Yet, Whatever Their Rank Or Race, Our Travellers Were
Men, Not Riff-Raff, The Long, Formidable Stages That Wall In The
Never-Never Have Seen To That, Turning Back The Weaklings And Worthless
To The Flesh-Pots Of Egypt, And Proving The Worth And Mettle Of The
Brave-Hearted:
All men, every one of them, and all in need of a little
hospitality, whether of the prosperous and well-doing or "down in their
luck," and each was welcomed according to that need; for out-bush rank
counts for little:
We are only men and women there. And all who came in,
and went on, or remained, gave us of their best while with us; for there
was that in the Maluka that drew the best out of all men. In life we
generally find in our fellow-men just what we seek, and the Maluka,
seeking only the good, found only the good and drew much of it into his
own sympathetic, sunny nature.
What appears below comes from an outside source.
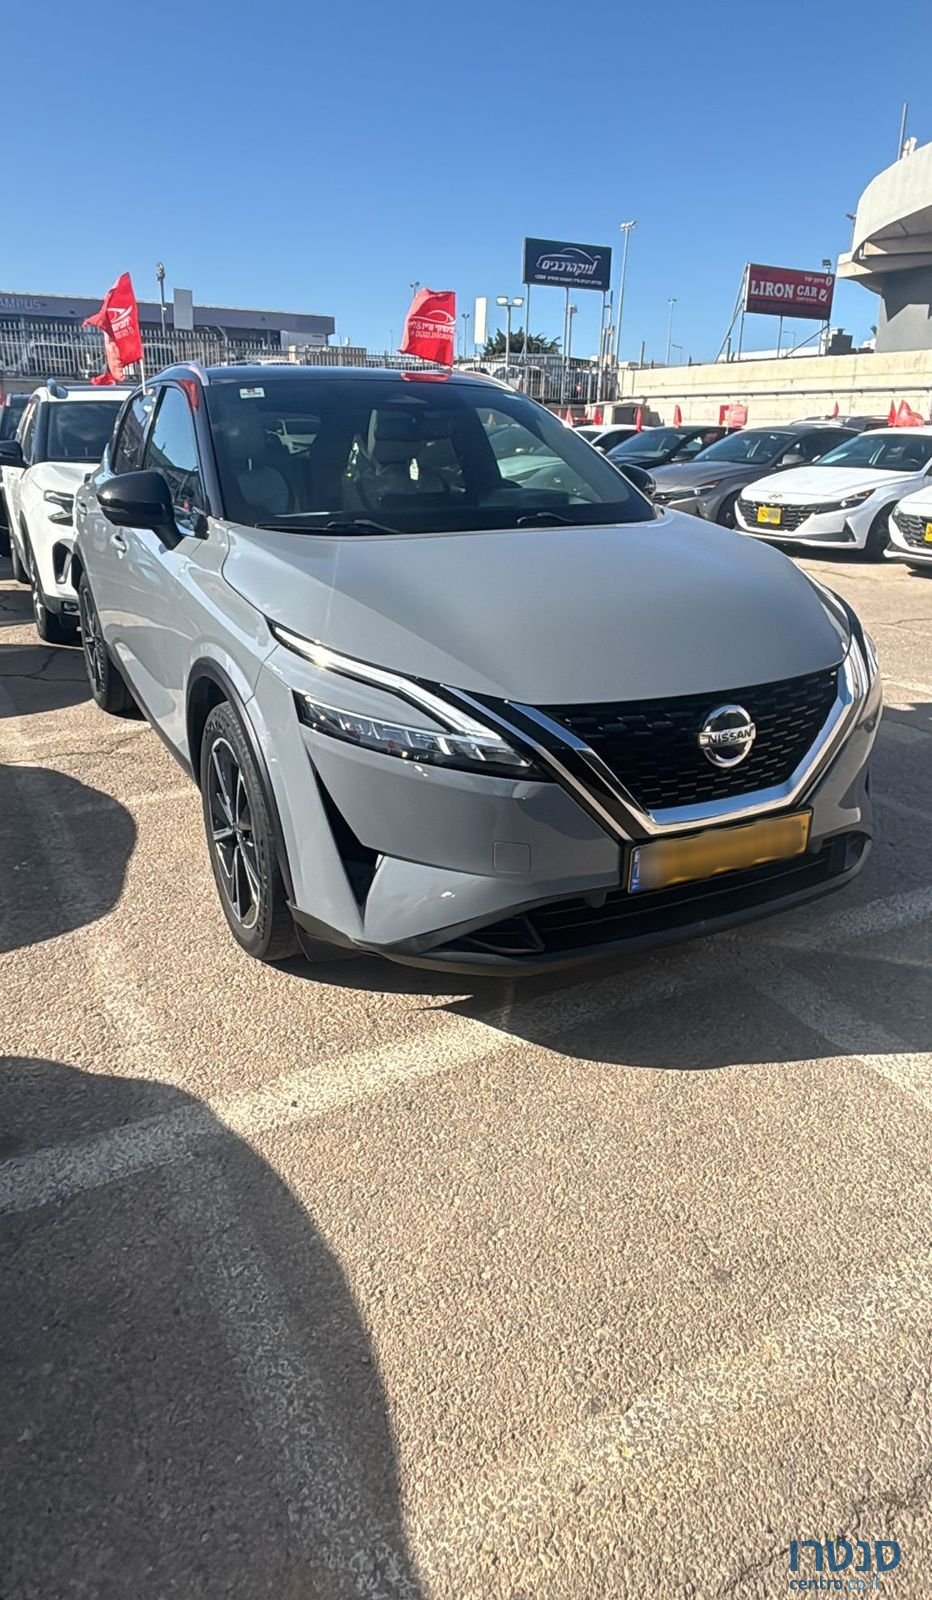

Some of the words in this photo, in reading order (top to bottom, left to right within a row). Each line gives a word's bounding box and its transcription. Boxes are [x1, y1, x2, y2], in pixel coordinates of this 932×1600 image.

He demanded the best and was given the
best, and while with him, men found they were better men than at other
times.
Some of our guests sat with us at table, some with the men, and some
"grubbed in their camps." All of them rode in strangers and many of them
rode out life-long friends, for such is the way of the bushfolk: a little
hospitality, a day or two of mutual understanding, and we have become
part of the other's life. For bush hospitality is something better than
the bare housing and feeding of guests, being just the simple sharing of
our daily lives with a fellow-man - a literal sharing of all that we
have; of our plenty or scarcity, our joys or sorrows, our comforts or
discomforts, our security or danger; a democratic hospitality, where all
men are equally welcome, yet so refined in its simplicity and
wholesomeness, that fulsome thanks or vulgar apologies have no part in
it, although it was whispered among the bushfolk that those "down in
their luck" learned that when the Maluka was filling tucker-bags, a
timely word in praise of the missus filled tucker-bags to over-flowing.